[Dataset records]

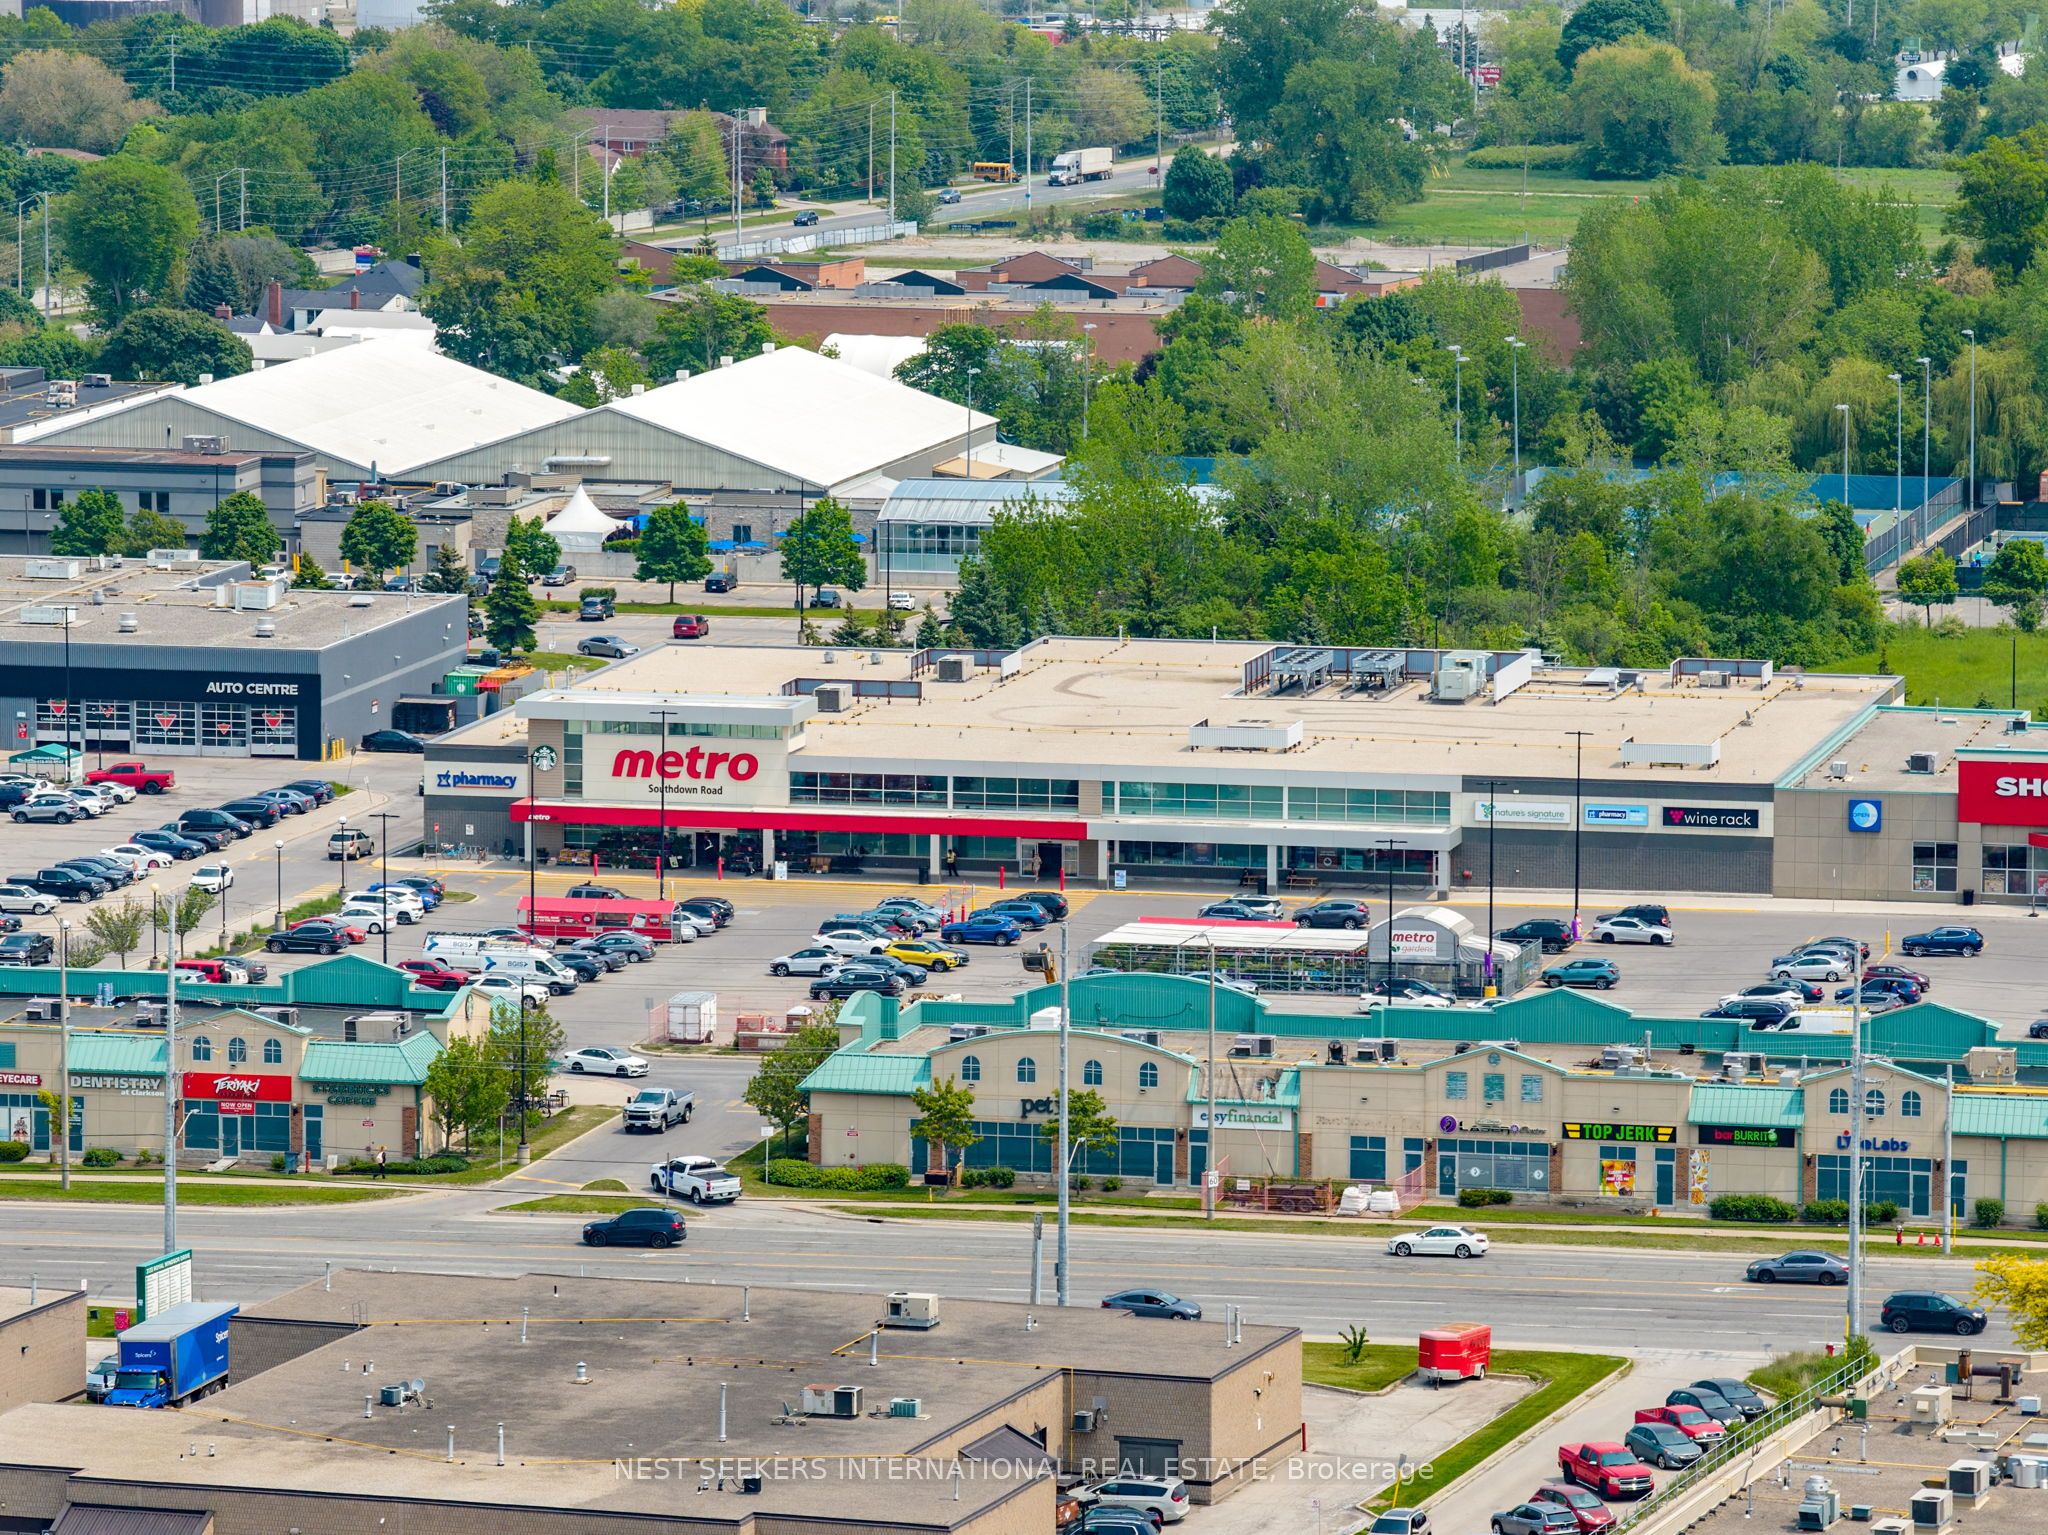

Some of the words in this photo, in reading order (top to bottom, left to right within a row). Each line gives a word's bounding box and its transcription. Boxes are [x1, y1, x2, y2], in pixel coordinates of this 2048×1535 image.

[206, 682, 243, 694] AUTO
[246, 683, 299, 696] CENTRE
[612, 746, 759, 781] metro
[453, 771, 517, 789] pharmacy
[648, 784, 698, 794] Southdown
[700, 785, 723, 795] Road
[528, 812, 551, 821] metro
[1495, 809, 1526, 818] nature's
[1527, 810, 1565, 820] signature
[1598, 810, 1626, 819] pharmacy
[1684, 812, 1718, 825] wine
[1720, 813, 1752, 826] rack
[1393, 932, 1435, 943] metro
[1401, 945, 1434, 954] gardens
[508, 960, 524, 968] BGIS
[70, 1076, 161, 1090] DENTISTRY
[131, 1089, 165, 1097] Clarkson
[312, 1084, 392, 1095] STARBUCKS
[327, 1095, 377, 1106] COFFEE
[1020, 1096, 1053, 1118] pet
[1583, 1124, 1612, 1139] TOP
[1616, 1126, 1655, 1141] JERK
[1209, 1178, 1218, 1186] 60

[/Dataset records]

Please repeat the entries exactly. Do not include the pictures.

▸ **Response area**
Some of the words in this photo, in reading order (top to bottom, left to right within a row). Each line gives a word's bounding box and its transcription. Boxes are [x1, y1, x2, y2], in pixel coordinates of this 2048×1535 image.

[206, 682, 243, 694] AUTO
[246, 683, 299, 696] CENTRE
[612, 746, 759, 781] metro
[453, 771, 517, 789] pharmacy
[648, 784, 698, 794] Southdown
[700, 785, 723, 795] Road
[528, 812, 551, 821] metro
[1495, 809, 1526, 818] nature's
[1527, 810, 1565, 820] signature
[1598, 810, 1626, 819] pharmacy
[1684, 812, 1718, 825] wine
[1720, 813, 1752, 826] rack
[1393, 932, 1435, 943] metro
[1401, 945, 1434, 954] gardens
[508, 960, 524, 968] BGIS
[70, 1076, 161, 1090] DENTISTRY
[131, 1089, 165, 1097] Clarkson
[312, 1084, 392, 1095] STARBUCKS
[327, 1095, 377, 1106] COFFEE
[1020, 1096, 1053, 1118] pet
[1583, 1124, 1612, 1139] TOP
[1616, 1126, 1655, 1141] JERK
[1209, 1178, 1218, 1186] 60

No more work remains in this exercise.